**What is needed:**
No picture should appear in the copy. Transcribe exactly, and only, the lines from the one with "this 1500×2000 image." through the last line of the data below.
[Input data — start]
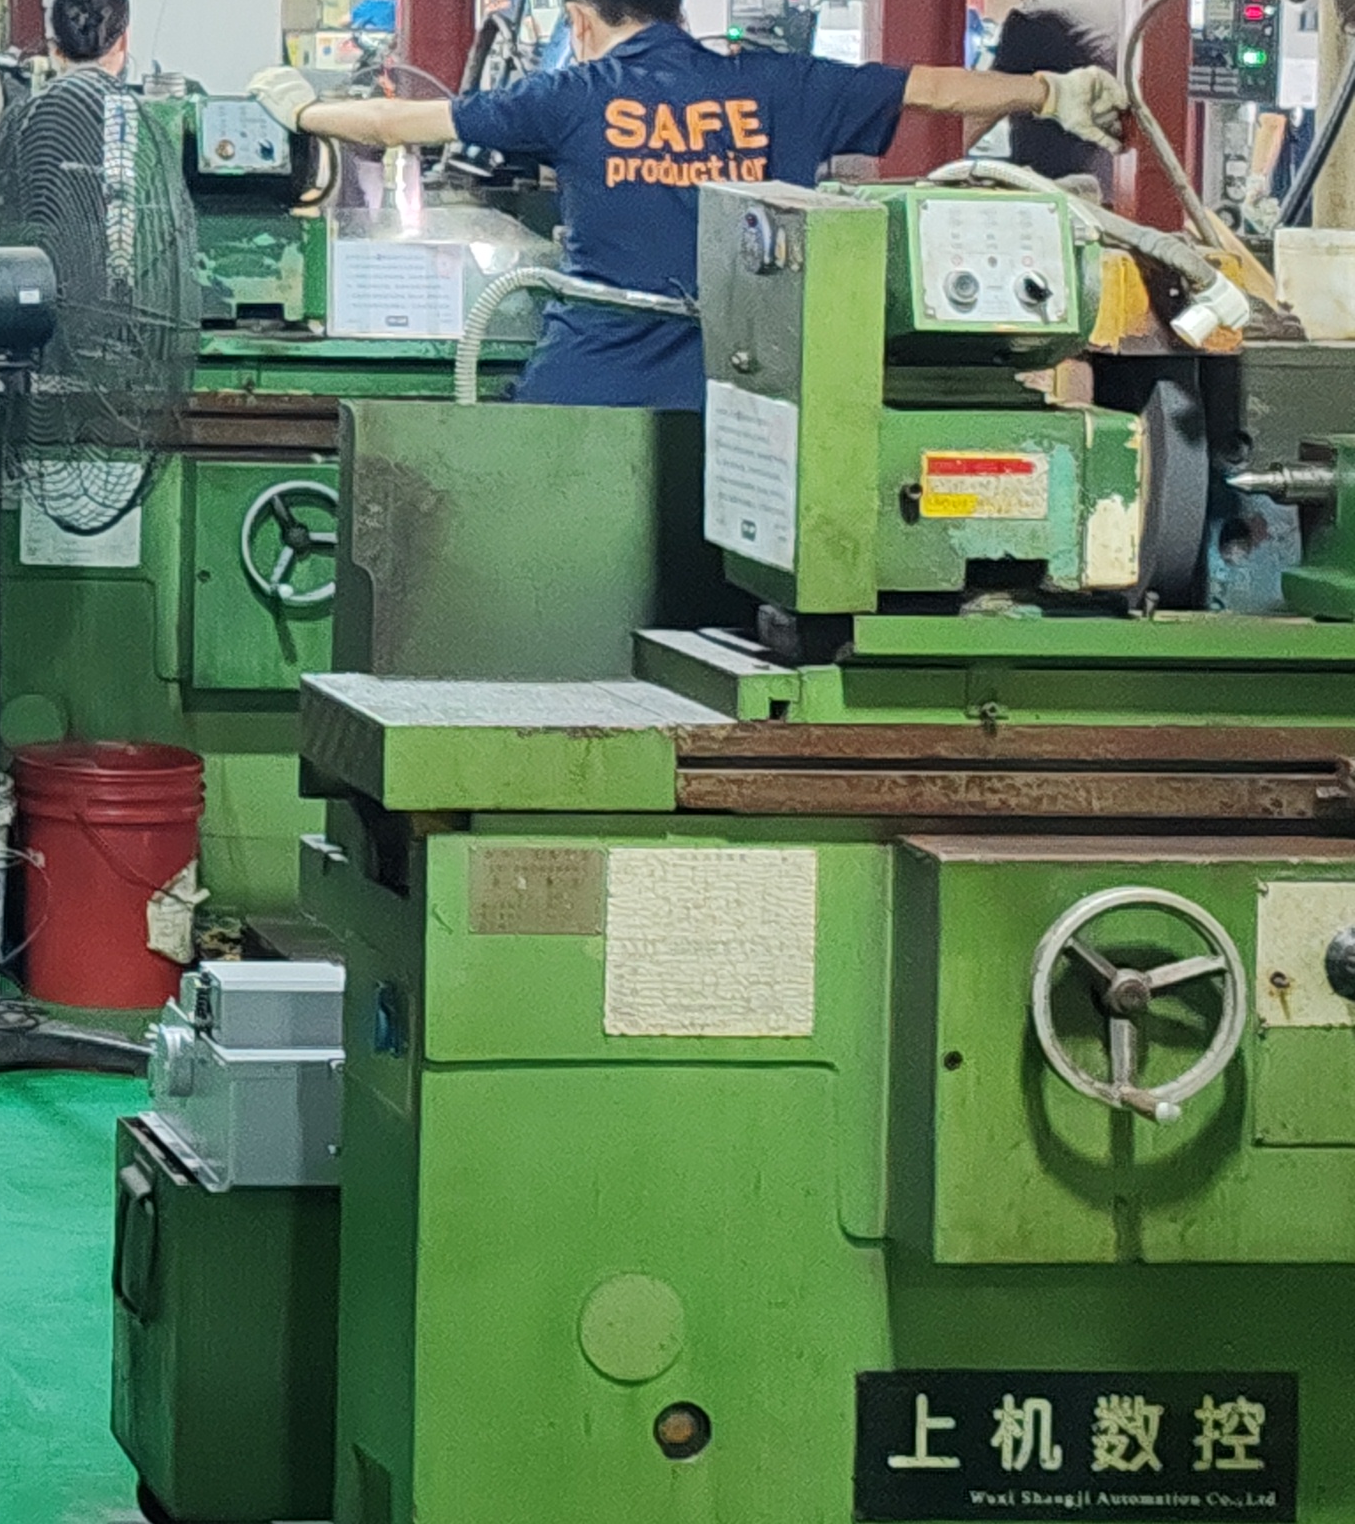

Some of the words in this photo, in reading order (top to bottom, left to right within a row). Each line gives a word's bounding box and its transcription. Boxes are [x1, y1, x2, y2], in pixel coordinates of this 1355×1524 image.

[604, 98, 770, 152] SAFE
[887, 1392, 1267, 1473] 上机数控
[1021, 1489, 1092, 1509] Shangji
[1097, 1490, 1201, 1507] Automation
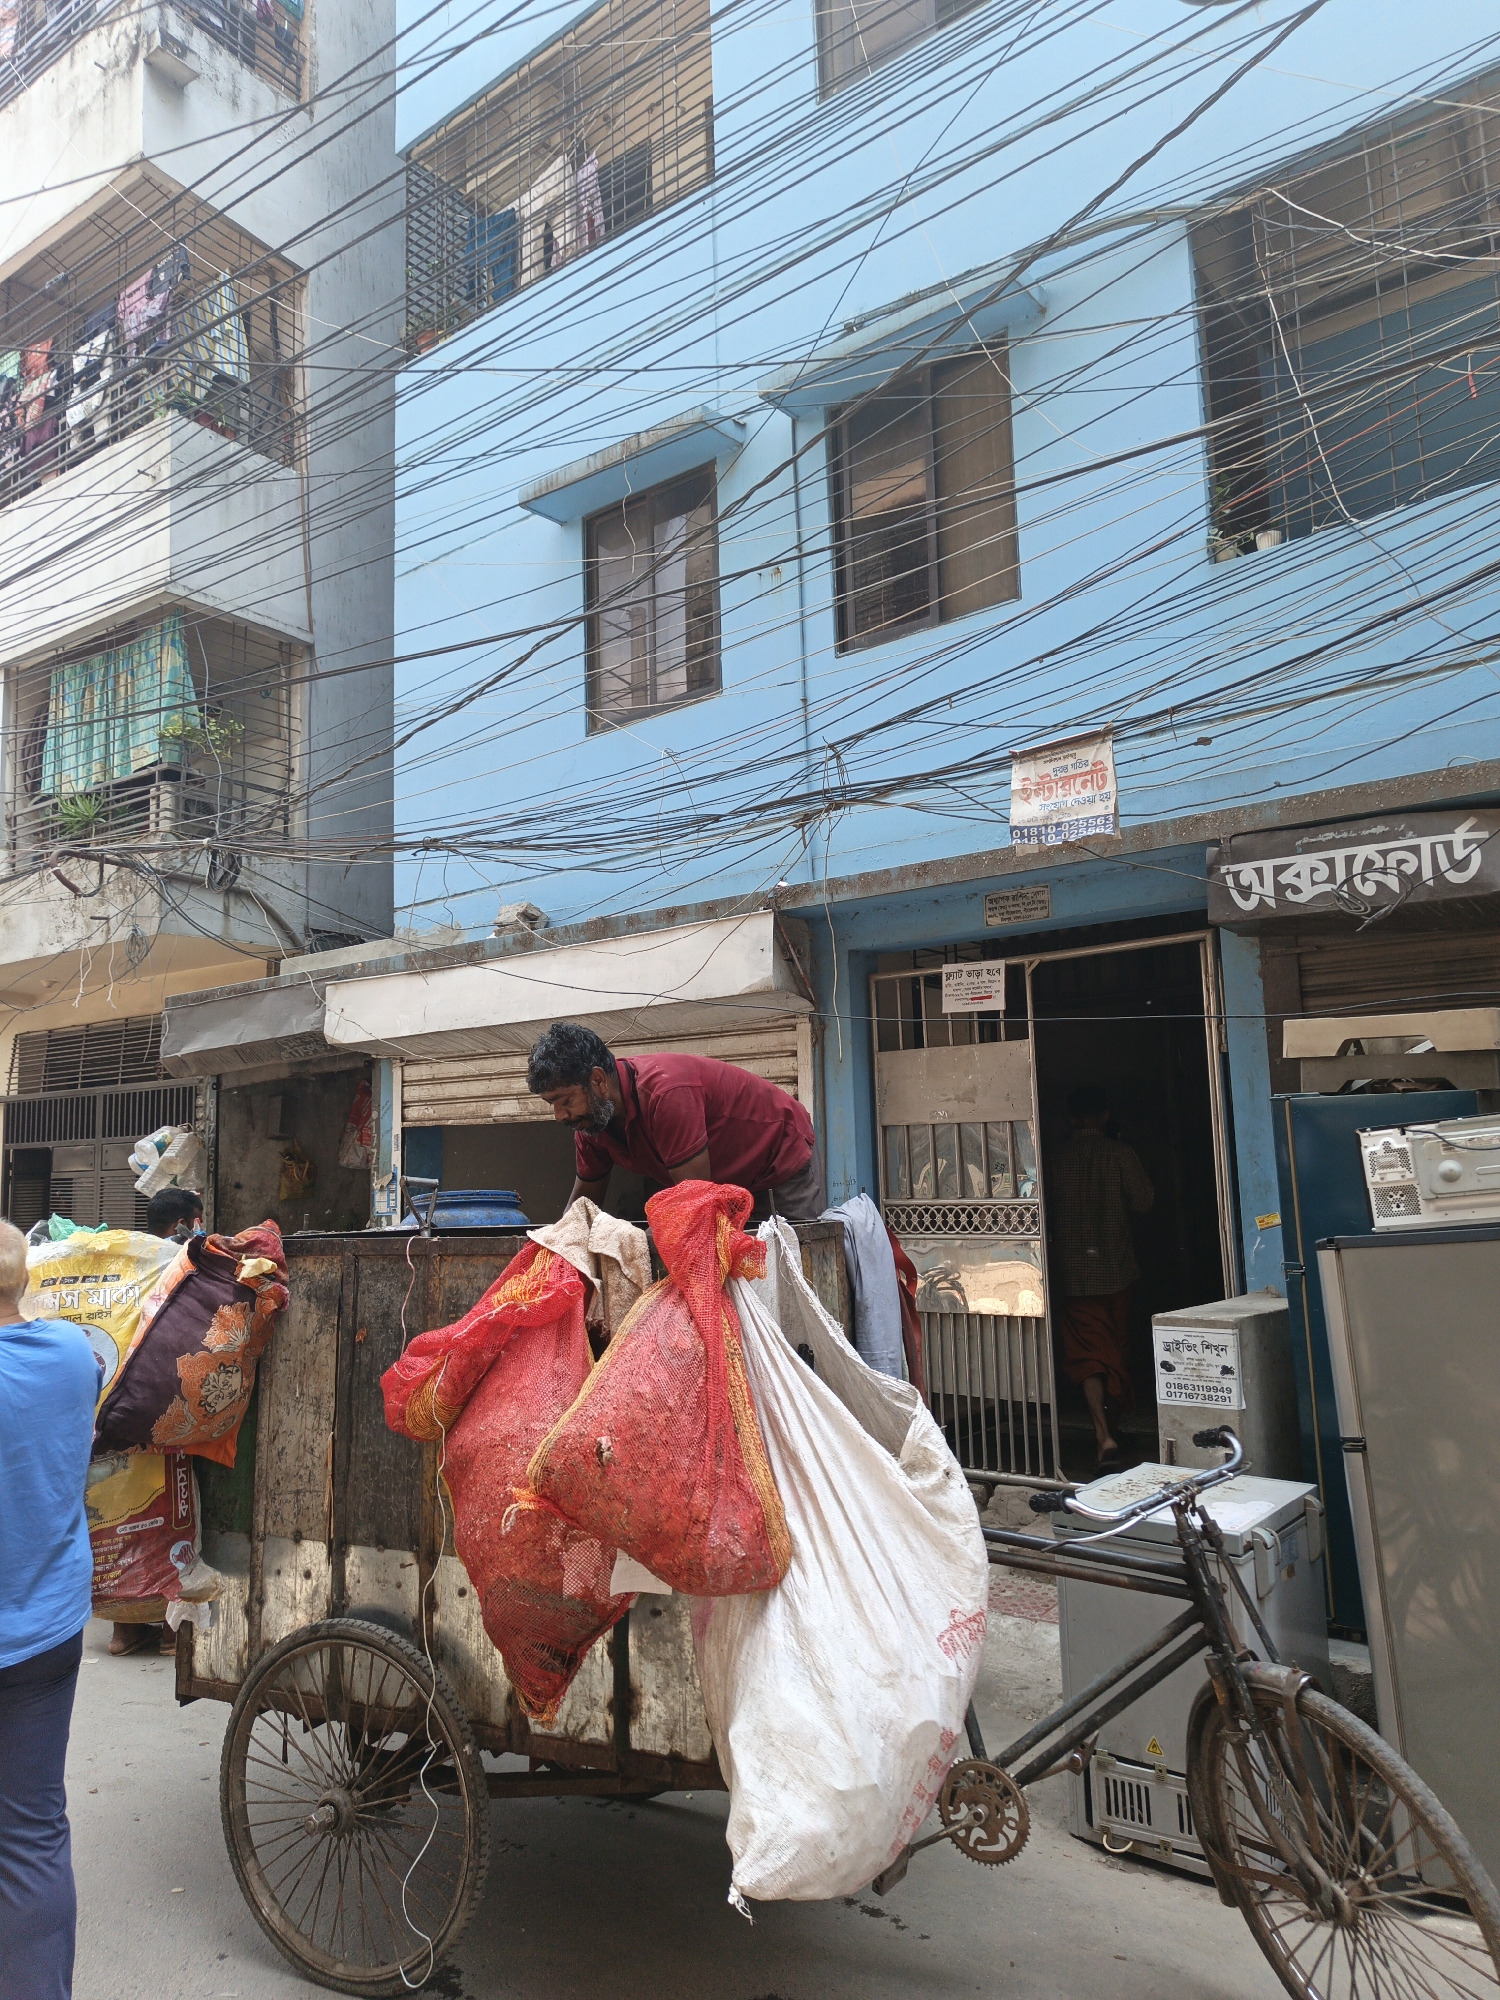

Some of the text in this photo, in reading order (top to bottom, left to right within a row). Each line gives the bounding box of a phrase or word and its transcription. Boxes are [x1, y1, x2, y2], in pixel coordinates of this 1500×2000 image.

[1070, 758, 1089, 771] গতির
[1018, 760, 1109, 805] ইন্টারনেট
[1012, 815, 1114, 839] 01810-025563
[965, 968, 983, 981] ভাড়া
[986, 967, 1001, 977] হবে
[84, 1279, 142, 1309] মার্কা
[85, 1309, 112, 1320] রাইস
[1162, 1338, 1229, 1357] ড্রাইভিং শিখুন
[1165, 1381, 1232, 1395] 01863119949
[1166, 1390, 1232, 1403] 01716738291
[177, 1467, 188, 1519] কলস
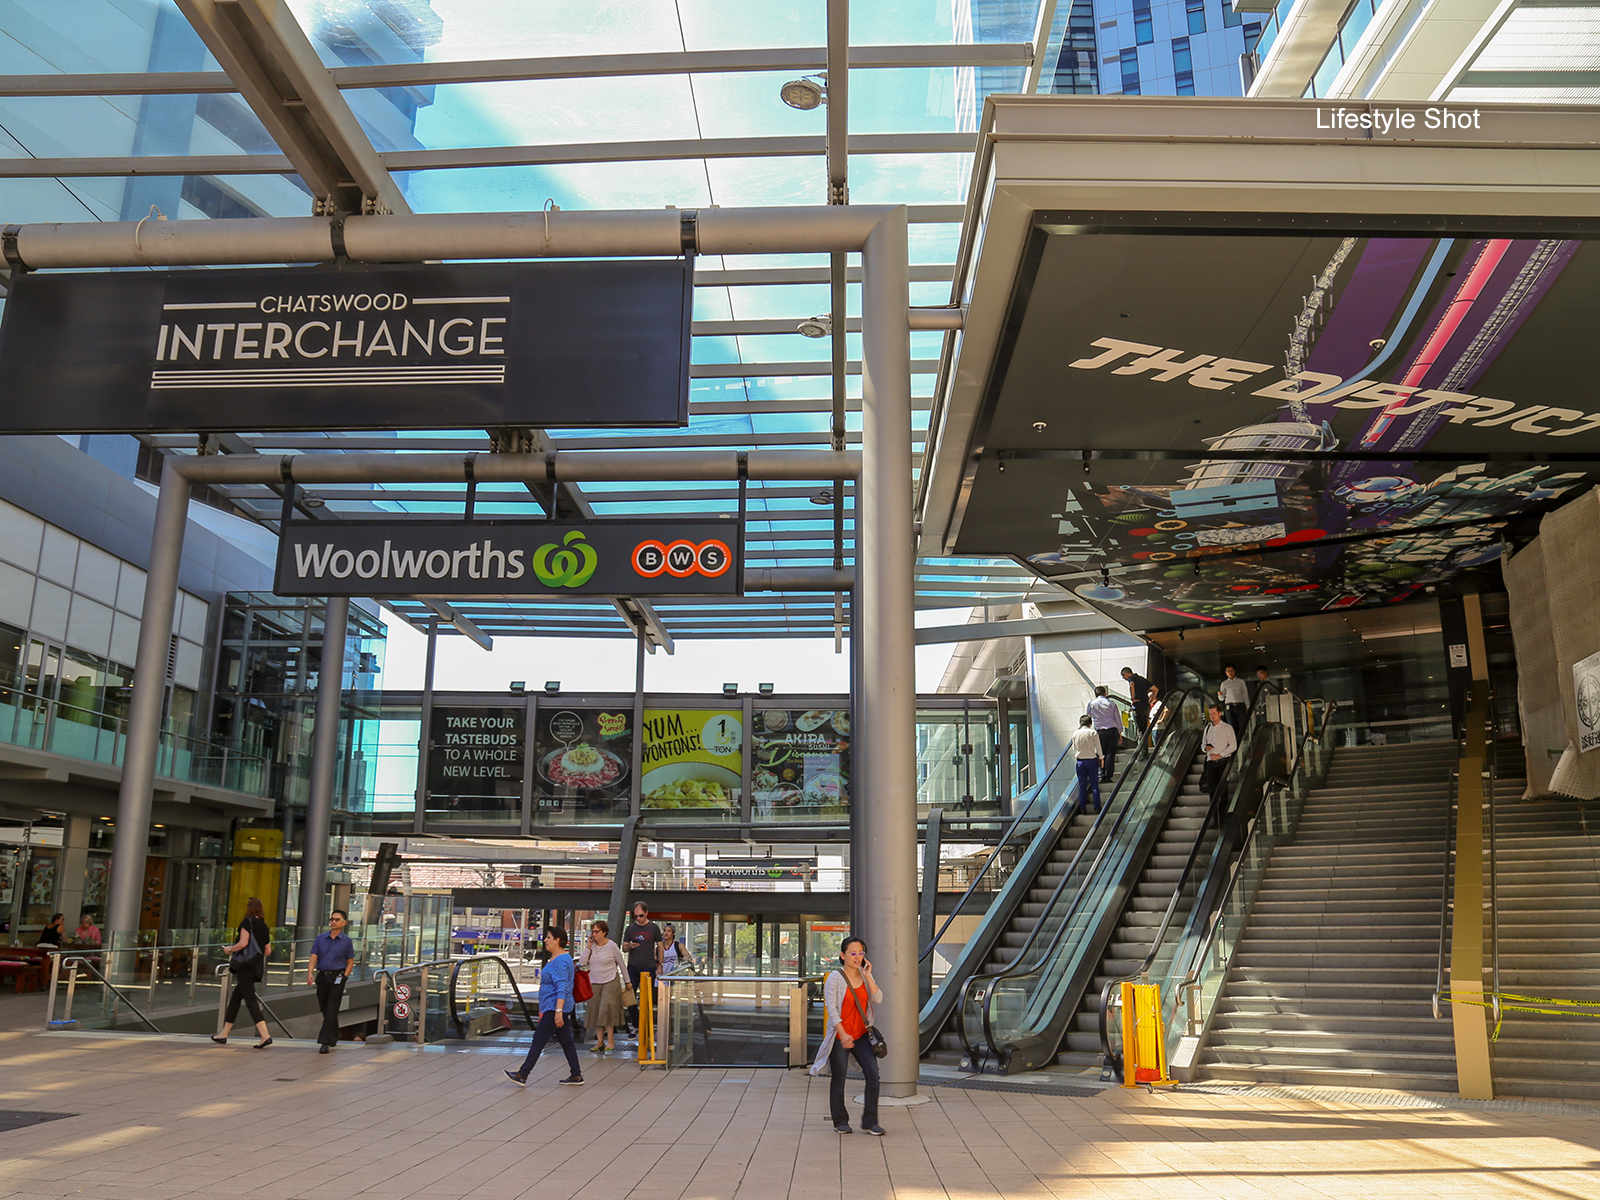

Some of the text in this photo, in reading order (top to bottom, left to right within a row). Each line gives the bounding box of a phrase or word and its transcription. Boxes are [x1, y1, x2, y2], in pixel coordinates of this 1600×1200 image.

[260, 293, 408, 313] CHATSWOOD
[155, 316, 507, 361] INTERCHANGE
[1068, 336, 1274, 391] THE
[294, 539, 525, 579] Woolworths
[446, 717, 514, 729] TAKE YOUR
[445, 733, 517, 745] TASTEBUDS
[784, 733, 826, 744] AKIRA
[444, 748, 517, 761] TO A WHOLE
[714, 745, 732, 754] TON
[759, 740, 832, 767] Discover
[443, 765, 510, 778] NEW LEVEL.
[Input data — finish]
**Answer:**
Some of the text in this photo, in reading order (top to bottom, left to right within a row). Each line gives the bounding box of a phrase or word and its transcription. Boxes are [x1, y1, x2, y2], in pixel coordinates of this 1500×2000 image.

[1070, 758, 1089, 771] গতির
[1018, 760, 1109, 805] ইন্টারনেট
[1012, 815, 1114, 839] 01810-025563
[965, 968, 983, 981] ভাড়া
[986, 967, 1001, 977] হবে
[84, 1279, 142, 1309] মার্কা
[85, 1309, 112, 1320] রাইস
[1162, 1338, 1229, 1357] ড্রাইভিং শিখুন
[1165, 1381, 1232, 1395] 01863119949
[1166, 1390, 1232, 1403] 01716738291
[177, 1467, 188, 1519] কলস

Some of the text in this photo, in reading order (top to bottom, left to right within a row). Each line gives the bounding box of a phrase or word and its transcription. Boxes are [x1, y1, x2, y2], in pixel coordinates of this 1600×1200 image.

[260, 293, 408, 313] CHATSWOOD
[155, 316, 507, 361] INTERCHANGE
[1068, 336, 1274, 391] THE
[294, 539, 525, 579] Woolworths
[446, 717, 514, 729] TAKE YOUR
[445, 733, 517, 745] TASTEBUDS
[784, 733, 826, 744] AKIRA
[444, 748, 517, 761] TO A WHOLE
[714, 745, 732, 754] TON
[759, 740, 832, 767] Discover
[443, 765, 510, 778] NEW LEVEL.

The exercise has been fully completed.